» **TASK GOAL**: The expected answer is the full listing, repeated exactly and free of images.
:: PROVIDED ENTRIES ::
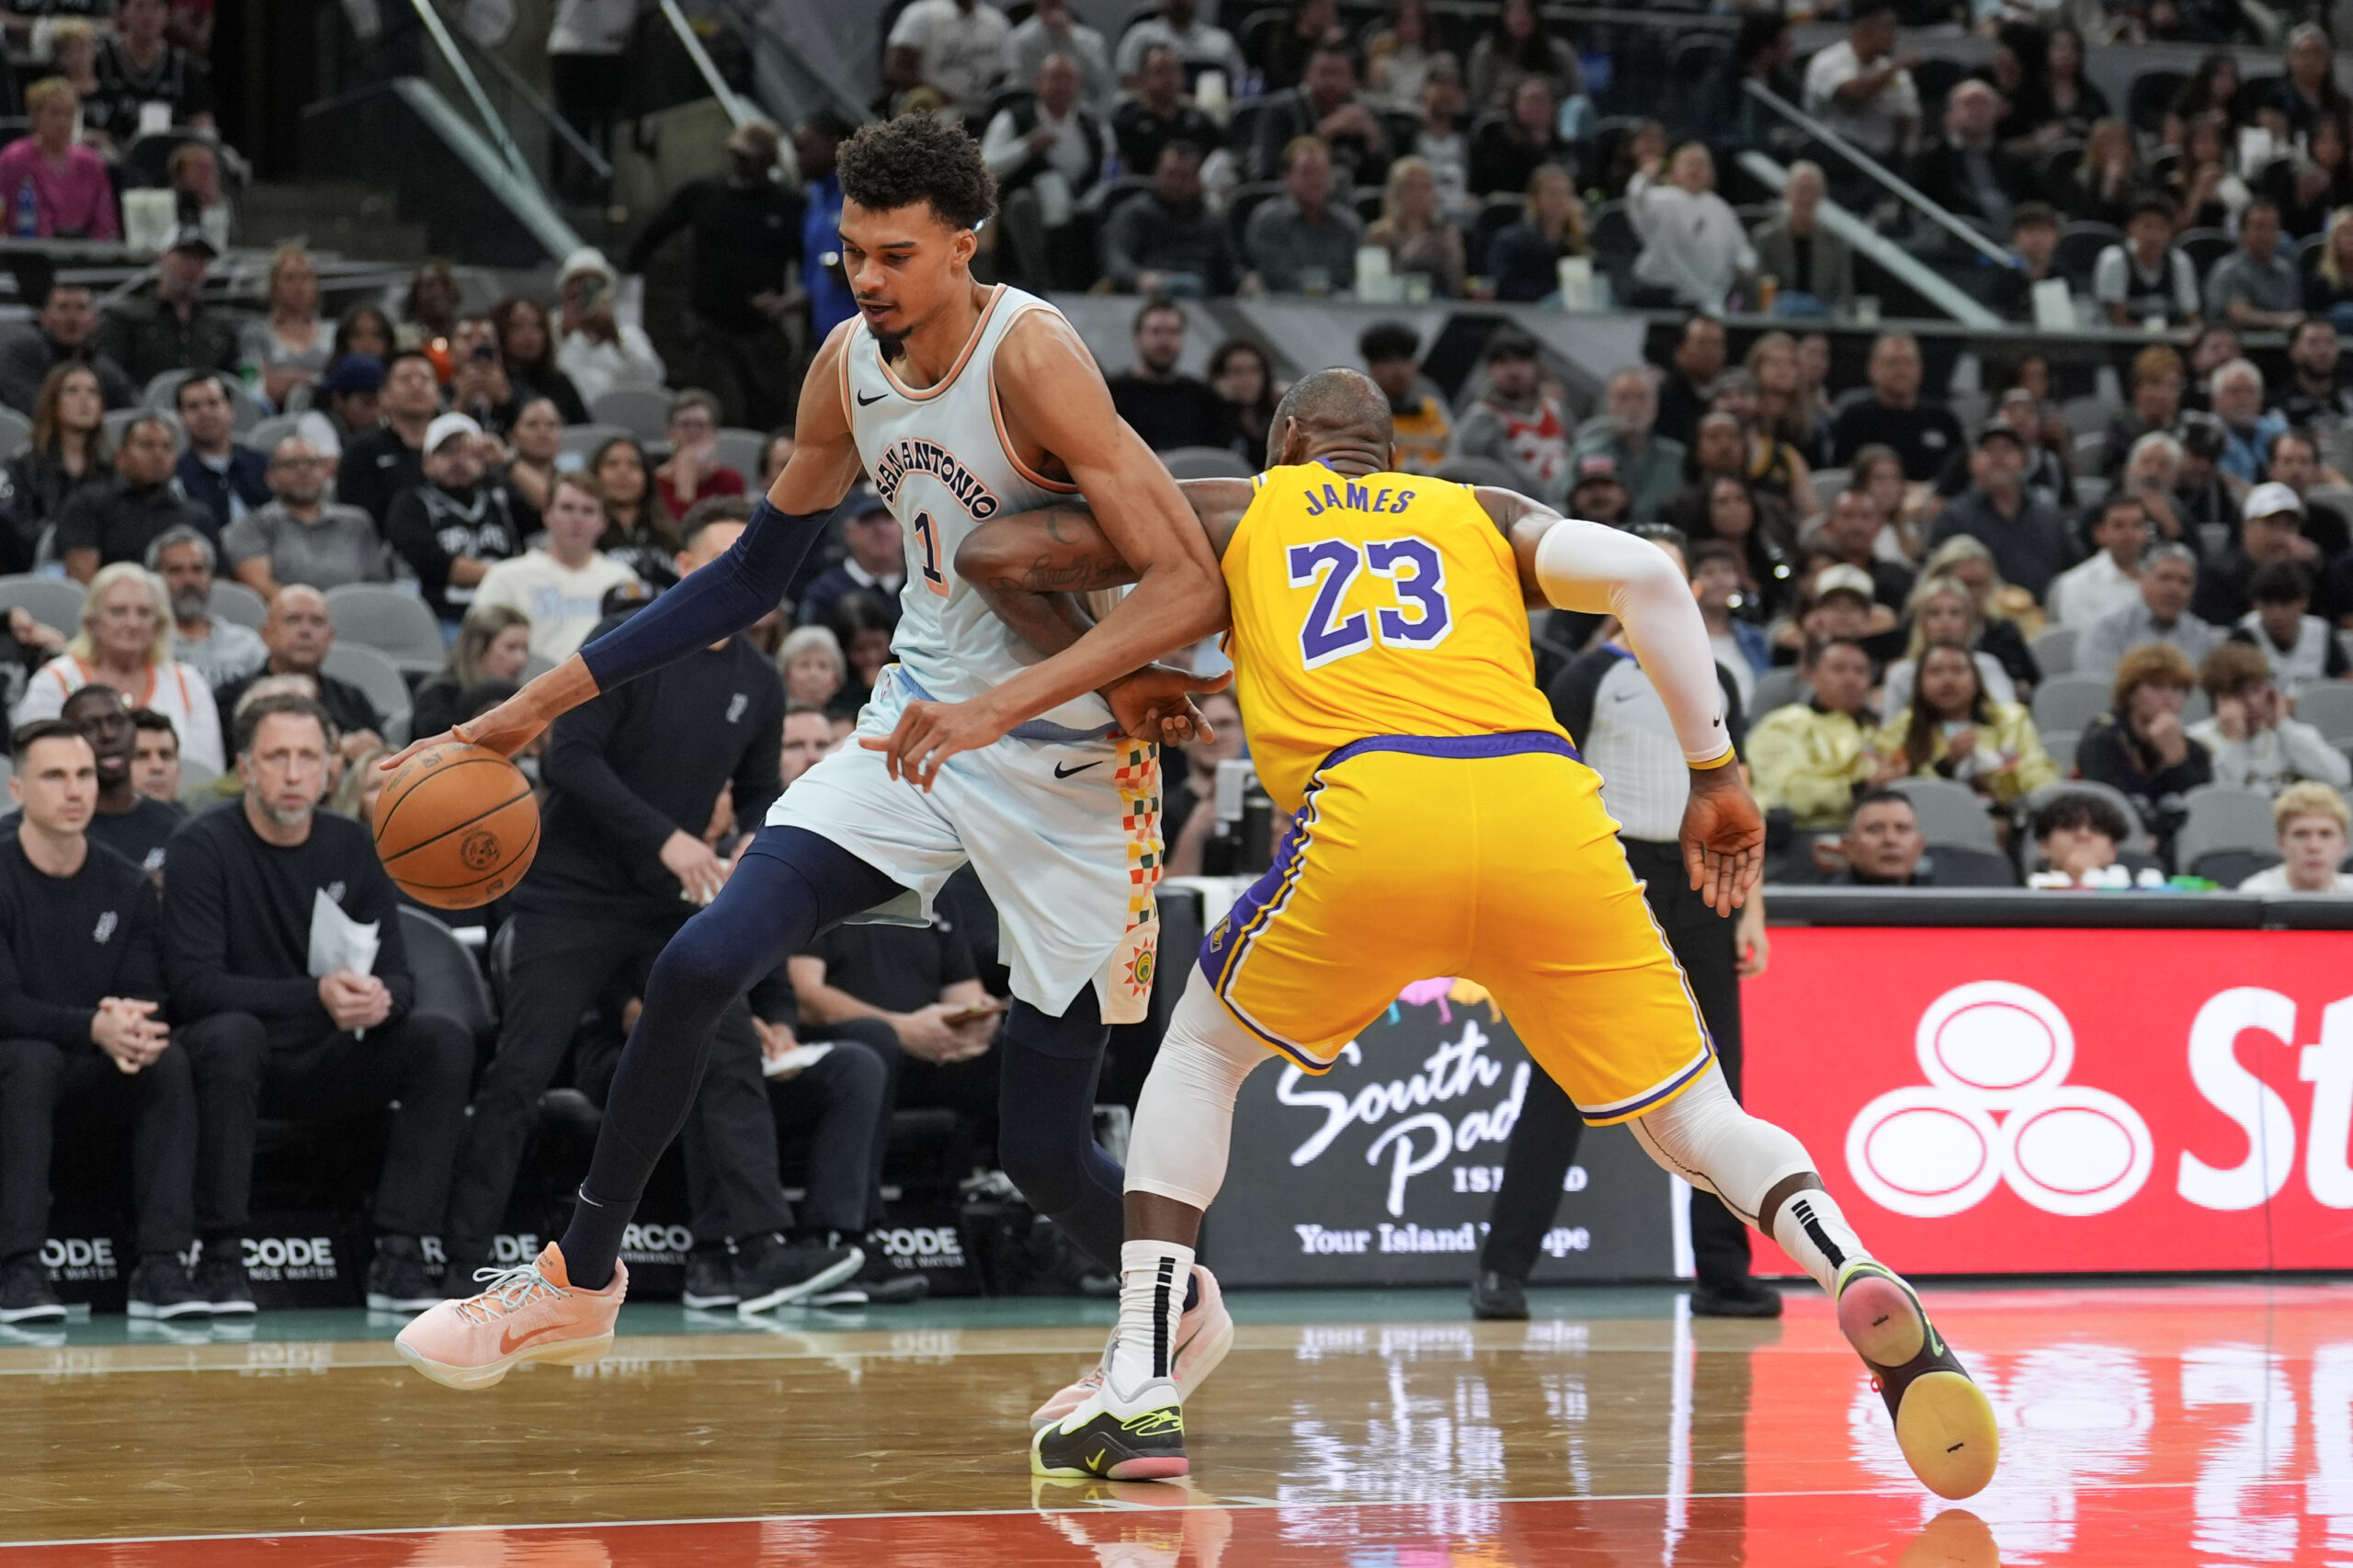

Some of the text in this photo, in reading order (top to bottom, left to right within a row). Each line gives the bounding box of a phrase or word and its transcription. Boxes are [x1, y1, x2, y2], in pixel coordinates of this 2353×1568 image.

[874, 437, 1001, 522] SAN ANTONIO
[1303, 483, 1416, 517] JAMES
[913, 510, 948, 596] 1
[1285, 535, 1454, 672] 23
[1277, 1019, 1502, 1167] South
[1366, 1061, 1531, 1218] Pad
[40, 1238, 117, 1267] ODE
[240, 1237, 336, 1267] CODE
[1295, 1224, 1372, 1255] Your
[1377, 1222, 1476, 1254] Island
:::
» **YOUR SOLUTION**:
Some of the text in this photo, in reading order (top to bottom, left to right within a row). Each line gives the bounding box of a phrase or word and its transcription. Boxes are [x1, y1, x2, y2], in pixel coordinates of this 2353×1568 image.

[874, 437, 1001, 522] SAN ANTONIO
[1303, 483, 1416, 517] JAMES
[913, 510, 948, 596] 1
[1285, 535, 1454, 672] 23
[1277, 1019, 1502, 1167] South
[1366, 1061, 1531, 1218] Pad
[40, 1238, 117, 1267] ODE
[240, 1237, 336, 1267] CODE
[1295, 1224, 1372, 1255] Your
[1377, 1222, 1476, 1254] Island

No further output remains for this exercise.